- _Problem statement_
Return the records below exactly; pictures stay out.

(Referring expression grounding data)
====================
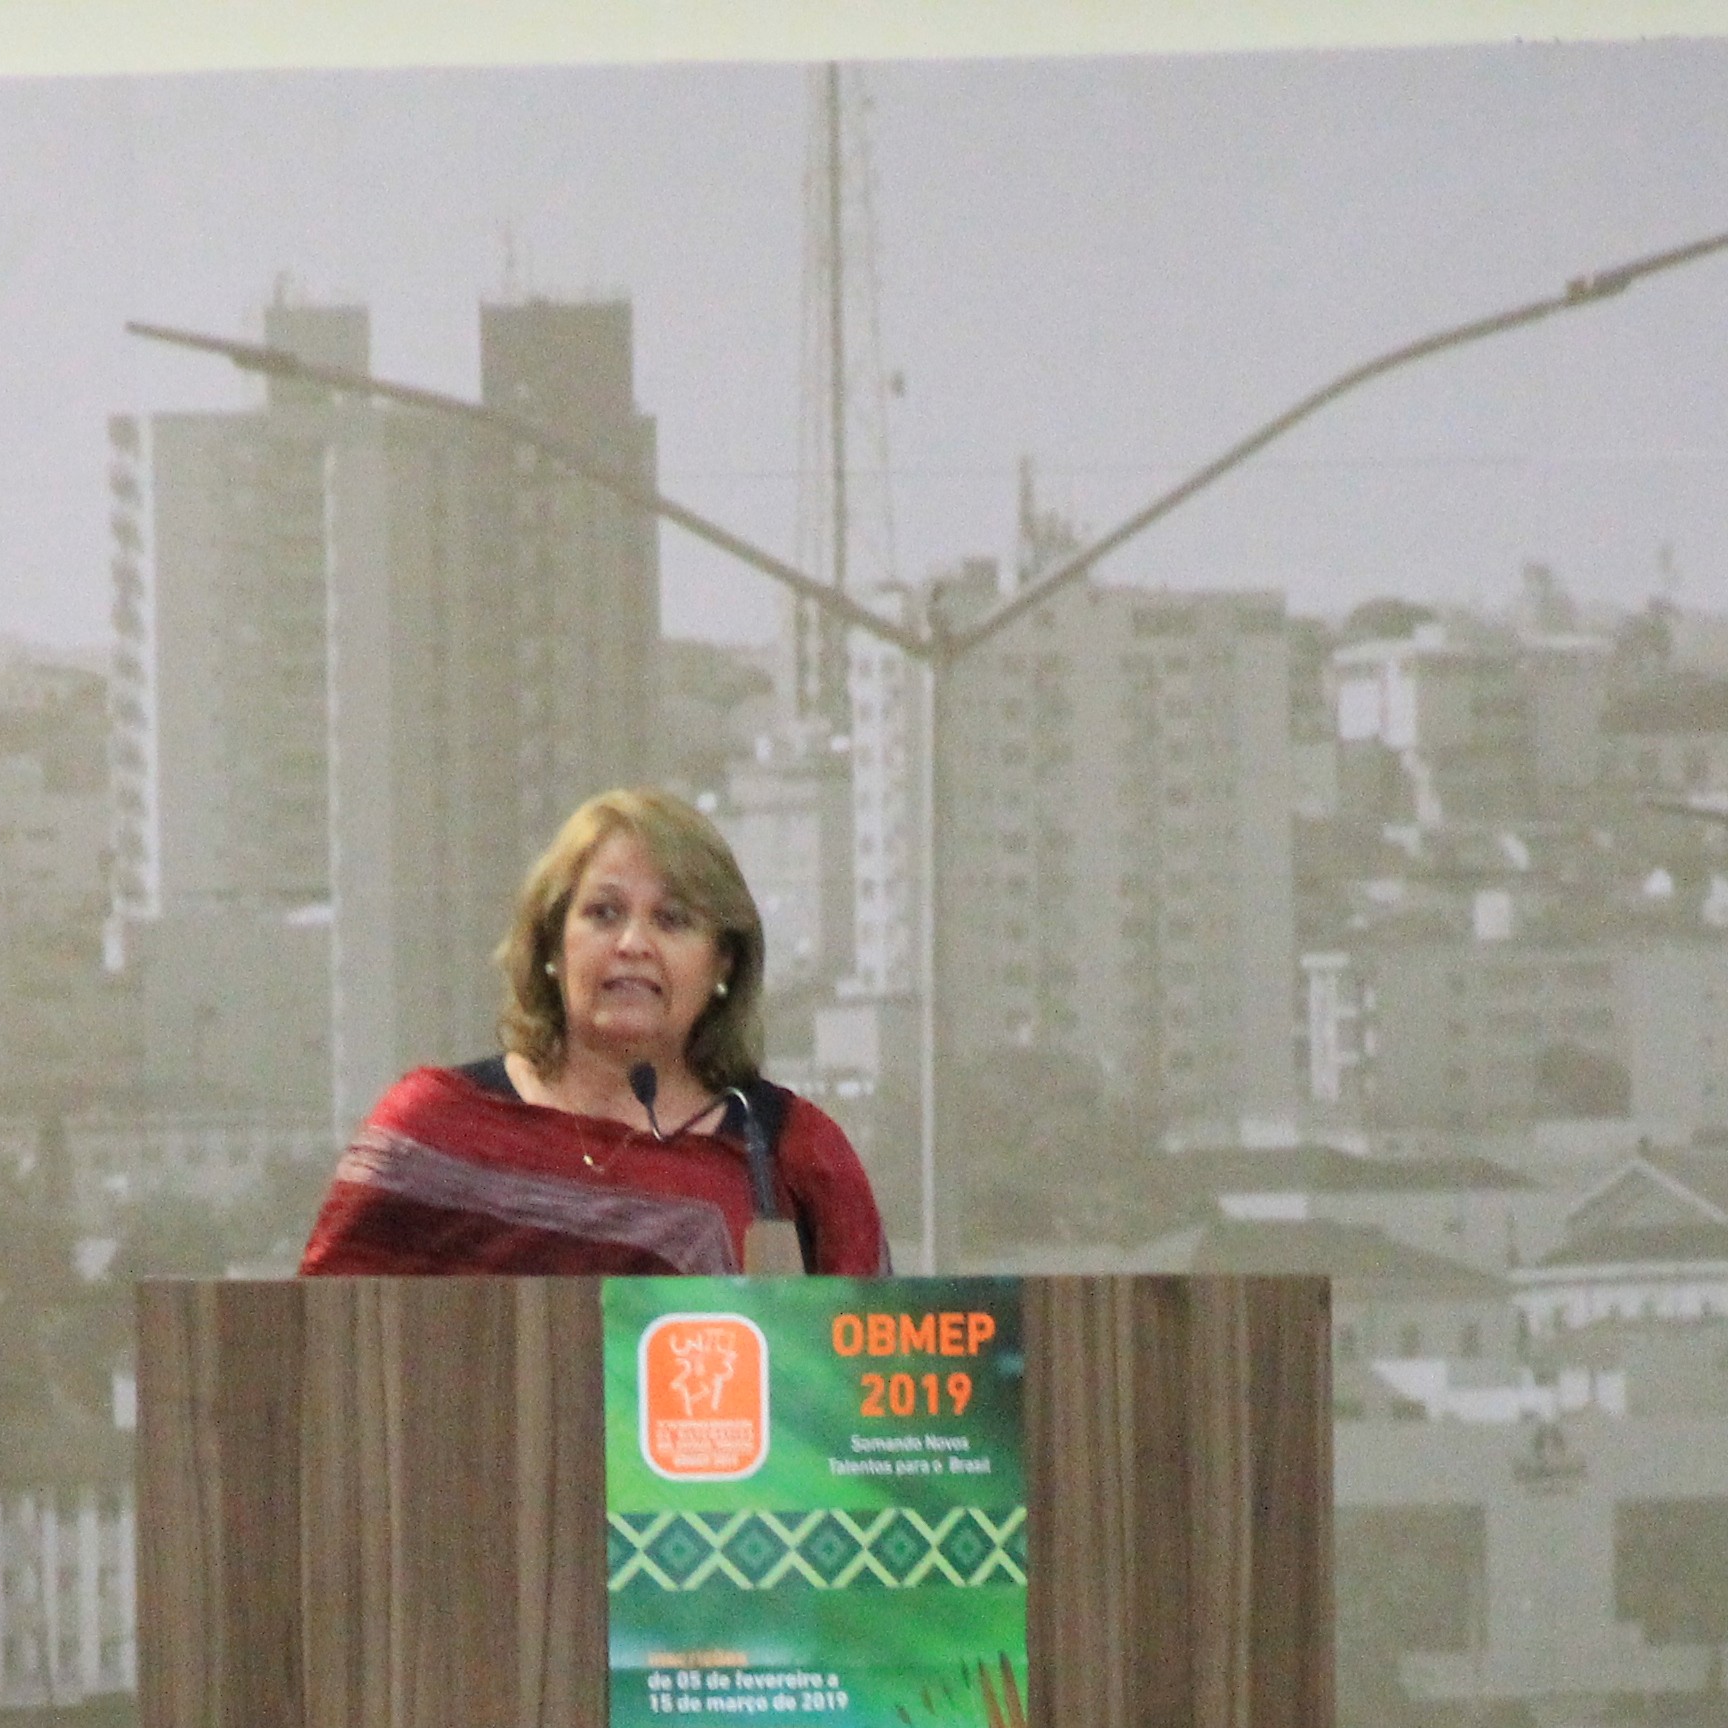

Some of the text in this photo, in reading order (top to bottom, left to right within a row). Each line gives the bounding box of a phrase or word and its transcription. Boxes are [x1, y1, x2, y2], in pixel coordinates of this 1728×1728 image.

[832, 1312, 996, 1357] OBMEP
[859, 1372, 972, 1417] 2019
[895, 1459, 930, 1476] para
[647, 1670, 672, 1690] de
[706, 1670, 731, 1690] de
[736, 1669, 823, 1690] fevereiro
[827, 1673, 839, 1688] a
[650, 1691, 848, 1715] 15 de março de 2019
====================
- _Output below_
Some of the text in this photo, in reading order (top to bottom, left to right within a row). Each line gives the bounding box of a phrase or word and its transcription. Boxes are [x1, y1, x2, y2], in pixel coordinates of this 1728×1728 image.

[832, 1312, 996, 1357] OBMEP
[859, 1372, 972, 1417] 2019
[895, 1459, 930, 1476] para
[647, 1670, 672, 1690] de
[706, 1670, 731, 1690] de
[736, 1669, 823, 1690] fevereiro
[827, 1673, 839, 1688] a
[650, 1691, 848, 1715] 15 de março de 2019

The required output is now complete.